Up to 60 pounds
25–35″ long, excluding the 1 ft. tail
Signs of their presence:
Flooded streams and beaver ponds; channels (tend to use the same routes).
Dams and dome-shaped lodges of sticks (usually aspen, willow, birch, and maple) caulked with mud. (Beavers will also build burrows in river banks, especially if living in a faster-moving stream or larger river)
Chewed branches and trees, piles of wood chips, fallen trees, and stumps, usually found very close to water. Teeth marks are obvious.
Sounds: Tail slap: their alarm call. Young whine, squeal, and moan at night, but it’s very hard to hear them.
Tracks: not often seen; back foot may be nearly as large as human hand; webbed toes.
Scats: look like saw dusty, ping-pong balls, usually left in the water at the bottom of a dam or lodge.
Distinctive, powerful scents.
“Mud pie” scent mounds: mud heaps perfumed with the beaver’s oily scent (castor) which mark the family’s territory. These heaps may be up to one foot tall and three feet wide, and are found at the water’s edge, or along river or pond banks
Common nuisance situations:
Time of year: Any time of year. From ice-out through June, new problems are often associated with the dispersal of the two-year-olds. From October through ice-up, beavers are preparing for winter by cutting many trees and working on their dams.
Plug culverts, drainage ditches, and drainpipes, which floods or washes out roads or driveways.
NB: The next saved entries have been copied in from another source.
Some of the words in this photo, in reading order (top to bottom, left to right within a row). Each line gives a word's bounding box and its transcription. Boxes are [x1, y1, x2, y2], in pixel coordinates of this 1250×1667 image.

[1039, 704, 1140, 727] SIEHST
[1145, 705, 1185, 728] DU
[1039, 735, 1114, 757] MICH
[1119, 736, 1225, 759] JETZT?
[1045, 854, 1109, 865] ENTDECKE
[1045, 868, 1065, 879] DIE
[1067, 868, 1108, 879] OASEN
Beaver dams force water to collect against roads. This may saturate the road, causing potholes, settling, and instability.
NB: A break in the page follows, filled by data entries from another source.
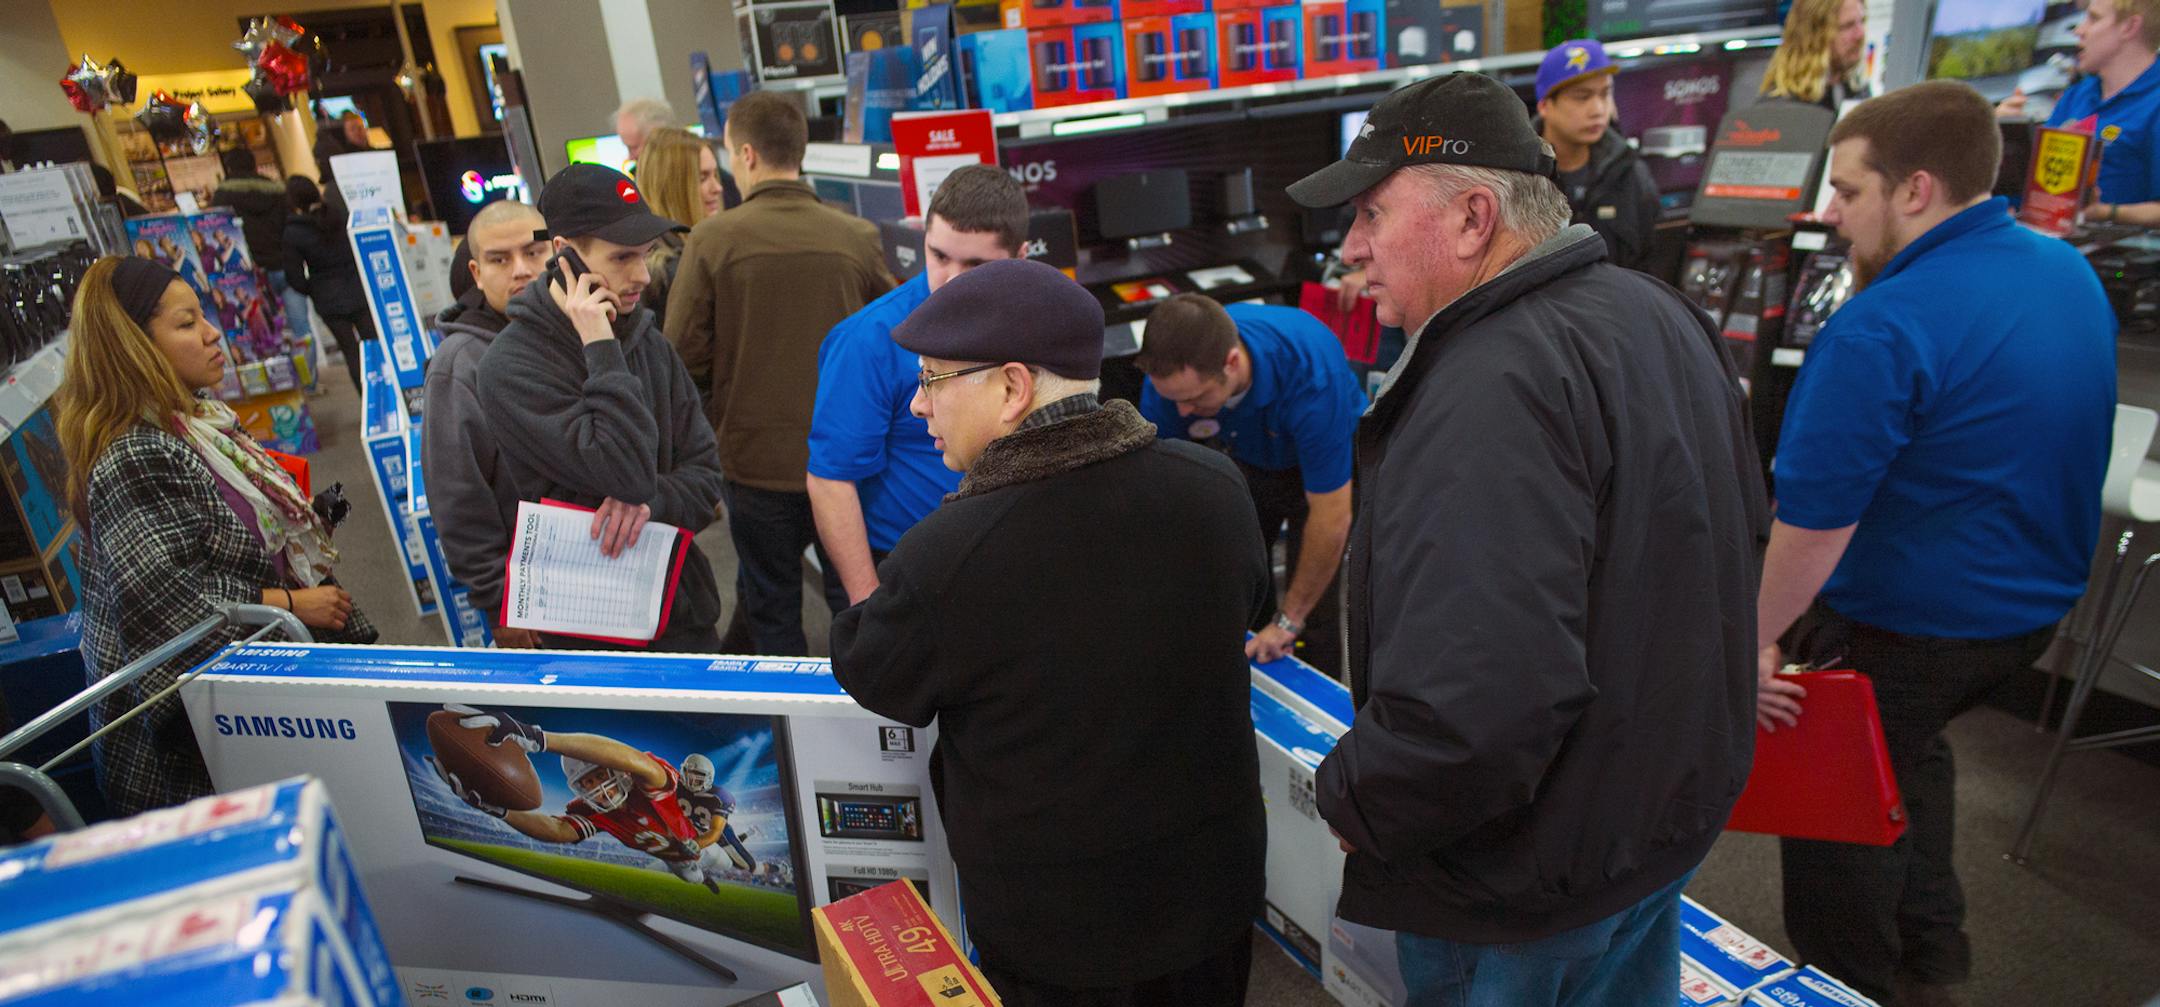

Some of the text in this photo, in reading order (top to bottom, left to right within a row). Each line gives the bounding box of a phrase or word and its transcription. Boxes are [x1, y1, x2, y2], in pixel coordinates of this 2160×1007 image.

[1664, 74, 1721, 99] SONOS
[928, 129, 956, 142] SALE
[1009, 160, 1057, 183] NOS
[517, 513, 535, 618] MONTHLY PAYMENTS TOOL
[215, 714, 356, 740] SAMSUNG
[888, 729, 896, 740] 6
[848, 782, 884, 792] Smart Hub
[853, 866, 898, 877] Full HD 1080p
[853, 915, 908, 982] ULTRA HDTV
Their dams may flood upstream areas. Flooding may damage roads or homes or kill crops and trees. It may make certain areas unusable.
Beavers cut down or girdle trees and shrubs for food. They can fell a tree that’s up to 2–3 ft. in diameter.
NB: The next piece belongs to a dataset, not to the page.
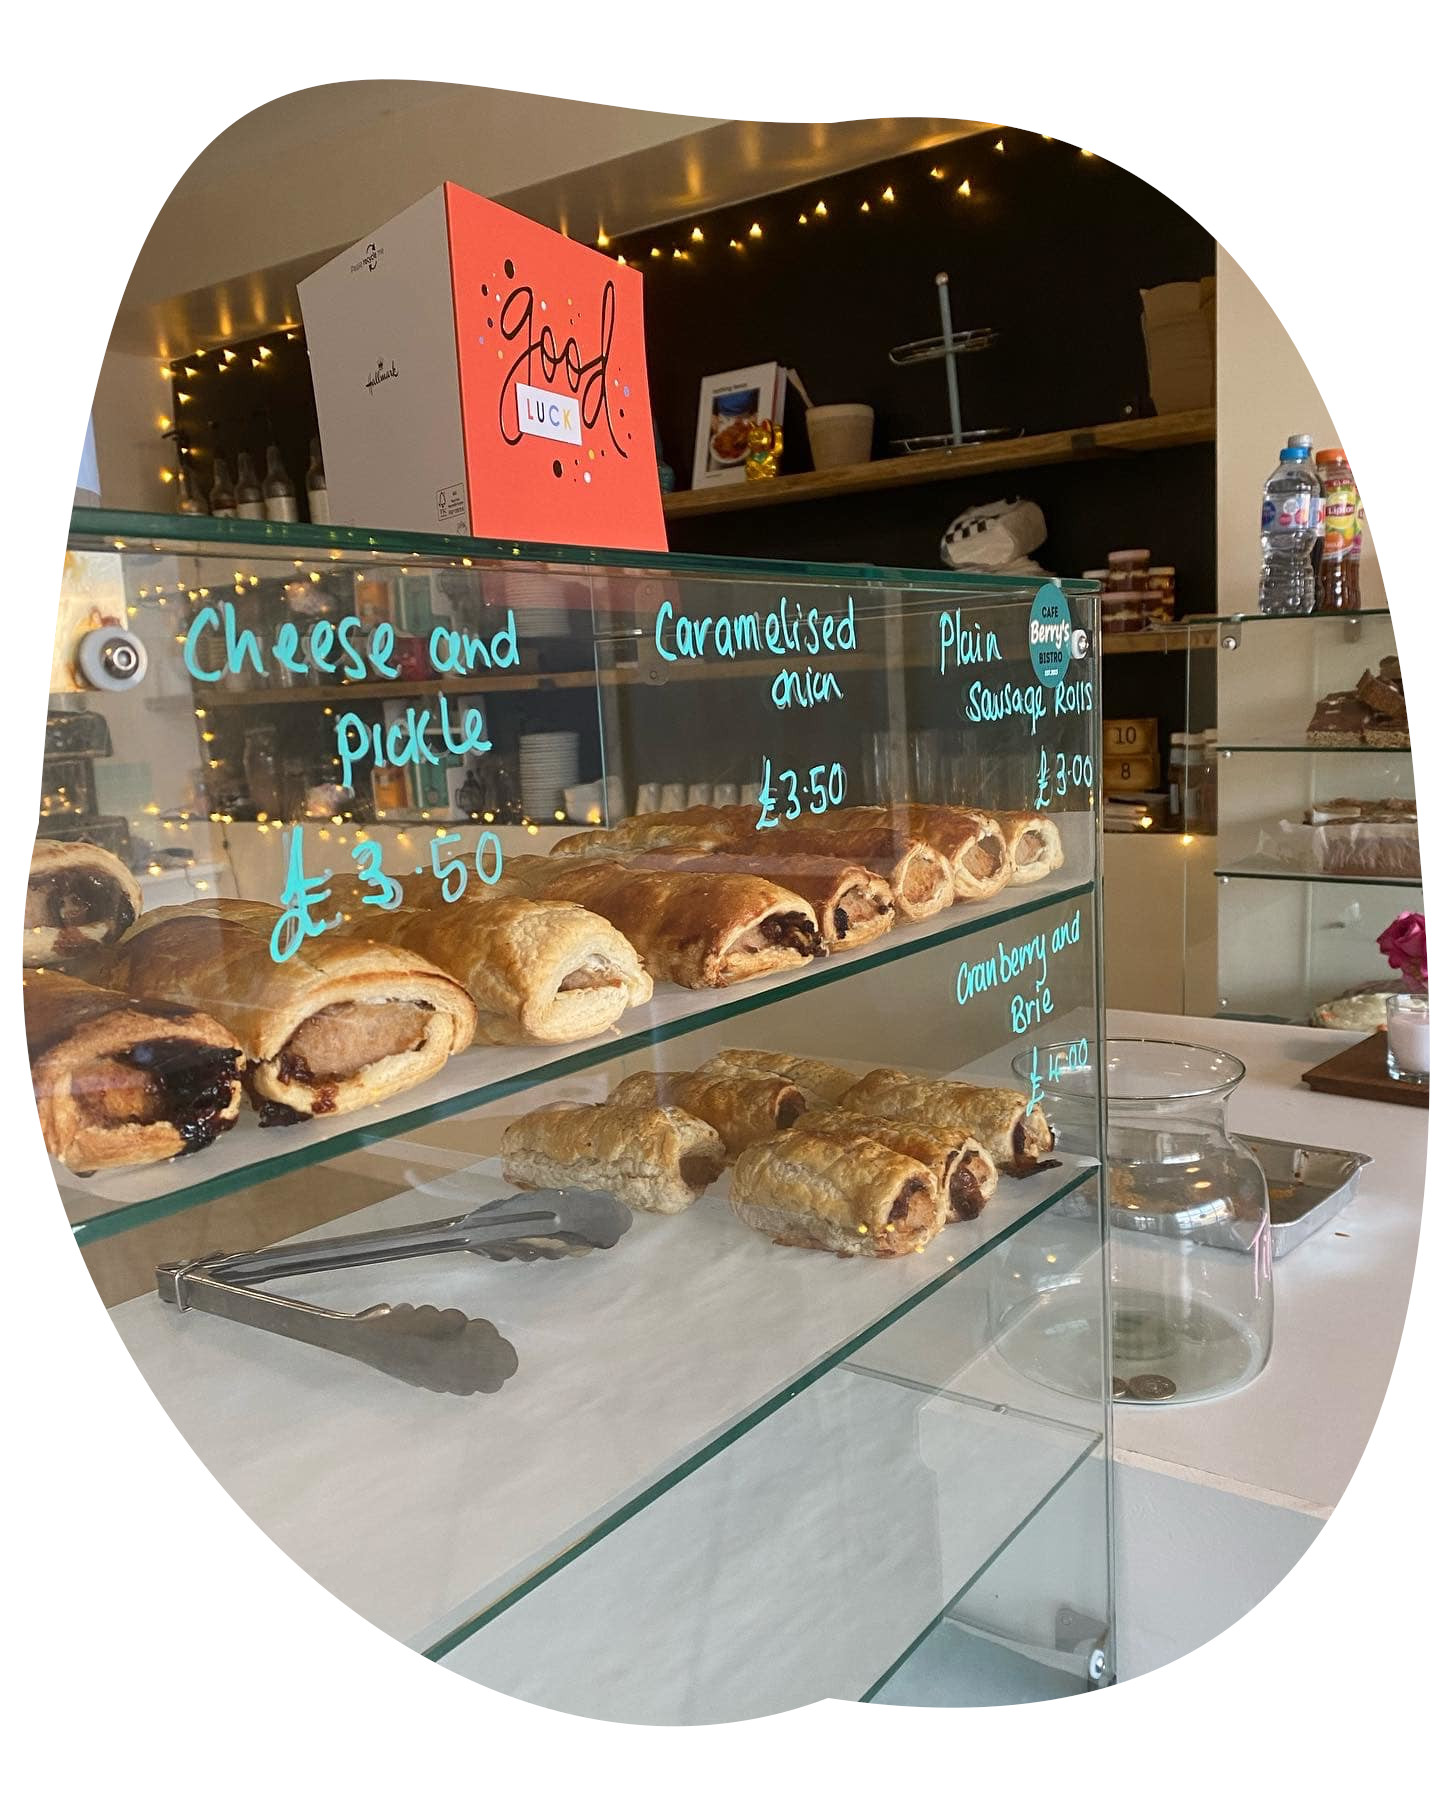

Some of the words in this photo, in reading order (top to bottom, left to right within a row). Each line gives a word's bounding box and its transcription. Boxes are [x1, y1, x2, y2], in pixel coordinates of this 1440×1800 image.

Beaver dams transform the environment. This will be good for some species and bad for others. Whether you see this as a problem or a gift depends on your perspective.
They may contaminate water supplies or interfere with sewer systems.
Disease risks: Rabies, tularemia, and Giardiasis (an intestinal infection caused by the protozoan, Giardia lamblia. There’s still much to learn about this parasite and how the disease is transmitted).